Chapter 2
Chapter Two
Ican feel a throbbing in my head and the brightness of the neon lights overhead make my eyes sting as I crack them open. I am met with Benji and Marissa hovering over me and I swear it looks like they are holding hands.
“She’s back! Make room!” Marissa nudges Benji out of the way as she kneels down, grasping her dress so as to not wrinkle it as she lets her bare knees hit the hardwood floor beside me.
“Nuria! Nuria are you ok? You bolted out of there like a jack rabbit!” Marissa clearly exaggerates whilst shaking my shoulders. I brush her off, coming up onto my elbows.
“I didn’t bolt. I walked like a normal human. I’m fine, I think I just haven’t eaten enough today,” I lie as I push myself up onto my feet and dust off my clothes. My vision swims for a second, Benji leans in to grasp my arm but I pull it away before he can.

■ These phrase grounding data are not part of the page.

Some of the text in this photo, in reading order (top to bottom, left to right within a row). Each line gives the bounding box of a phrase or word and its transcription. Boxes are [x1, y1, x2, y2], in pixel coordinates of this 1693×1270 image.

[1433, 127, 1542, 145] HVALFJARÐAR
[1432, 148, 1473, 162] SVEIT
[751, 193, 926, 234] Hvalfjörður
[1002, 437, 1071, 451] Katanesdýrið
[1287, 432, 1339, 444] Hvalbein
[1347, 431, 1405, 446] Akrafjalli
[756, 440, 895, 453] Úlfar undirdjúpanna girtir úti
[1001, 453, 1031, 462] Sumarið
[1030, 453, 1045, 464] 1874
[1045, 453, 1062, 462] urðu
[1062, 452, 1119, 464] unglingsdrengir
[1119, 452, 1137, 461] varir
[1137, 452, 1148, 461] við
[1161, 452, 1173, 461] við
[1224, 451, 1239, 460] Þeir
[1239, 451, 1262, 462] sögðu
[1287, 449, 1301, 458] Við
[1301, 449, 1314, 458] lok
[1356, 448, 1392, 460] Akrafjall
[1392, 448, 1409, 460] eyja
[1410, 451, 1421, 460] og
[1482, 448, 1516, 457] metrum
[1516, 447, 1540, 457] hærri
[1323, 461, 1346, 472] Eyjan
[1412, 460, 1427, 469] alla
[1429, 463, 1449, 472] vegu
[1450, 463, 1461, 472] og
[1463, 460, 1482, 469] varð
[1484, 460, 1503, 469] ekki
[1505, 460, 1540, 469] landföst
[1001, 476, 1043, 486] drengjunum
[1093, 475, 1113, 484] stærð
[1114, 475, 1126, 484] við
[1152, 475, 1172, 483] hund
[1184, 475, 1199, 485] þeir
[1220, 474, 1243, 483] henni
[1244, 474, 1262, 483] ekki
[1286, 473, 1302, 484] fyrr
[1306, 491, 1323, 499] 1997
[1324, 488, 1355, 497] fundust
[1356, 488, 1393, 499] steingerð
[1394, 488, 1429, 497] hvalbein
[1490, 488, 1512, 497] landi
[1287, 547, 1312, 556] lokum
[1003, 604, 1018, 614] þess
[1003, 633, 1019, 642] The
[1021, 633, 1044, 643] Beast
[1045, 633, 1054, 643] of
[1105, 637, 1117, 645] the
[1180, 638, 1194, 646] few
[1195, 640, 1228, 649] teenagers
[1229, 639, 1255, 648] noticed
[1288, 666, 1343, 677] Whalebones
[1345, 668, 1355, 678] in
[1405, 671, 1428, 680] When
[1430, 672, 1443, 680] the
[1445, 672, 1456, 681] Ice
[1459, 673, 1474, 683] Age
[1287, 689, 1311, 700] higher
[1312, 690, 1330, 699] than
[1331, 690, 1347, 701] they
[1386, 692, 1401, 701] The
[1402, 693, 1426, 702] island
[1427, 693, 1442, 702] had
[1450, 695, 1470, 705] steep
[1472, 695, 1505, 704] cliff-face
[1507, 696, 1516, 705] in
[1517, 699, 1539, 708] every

“Get back in there Mar, really I’m fine. I’ll wait in the car,” I say with a little feigned smile and start walking towards the front door so she won’t see my hands shaking.
I hesitate pushing the door open for fear that I will be transported back to wherever that place was.
“Here, let me get that for you,” Benji offers, swinging the door open and letting the hot midday air wash over me. I give him a little nod then hurry towards the car.
“I’ve got the keys, remember… I’m the Valet,” Benji chuckles whilst following me and swinging the keys around his finger. I grasp out for them but he pulls his hand away. Concern wrinkles his brow.
“What happened in there, Nuri?” he asks.
I just shrug in response and try to grab the keys again but he pulls them away.
“I think that happened once when we were together but you didn’t collapse that time.
You just kind of looked straight ahead and couldn’t hear me.
Also this time you said a name. You said Embrys.
Is that your new boyfriend?” he questions me but I’m too shaken to deal with this right now.
Embrys… his name is Embrys. I feel my cheeks flush and my body warm despite the chilling scene I have just witnessed.
“Leave me alone Benji,” I say through clenched teeth. He sighs and turns on his heel to walk back towards his Valet’s podium. Annoyingly, he also took the keys with him. I decide I just need to get out of here, so begrudgingly I start my walk back home.
The entire walk is a blur as I go over every detail of what I saw when I was passed out.
Am I losing my mind? These flashes used to happen for the briefest of moments when I was younger when I would enter a room or spin around suddenly but they would never last for more than a few moments.
I remember enjoying the scenes I would see.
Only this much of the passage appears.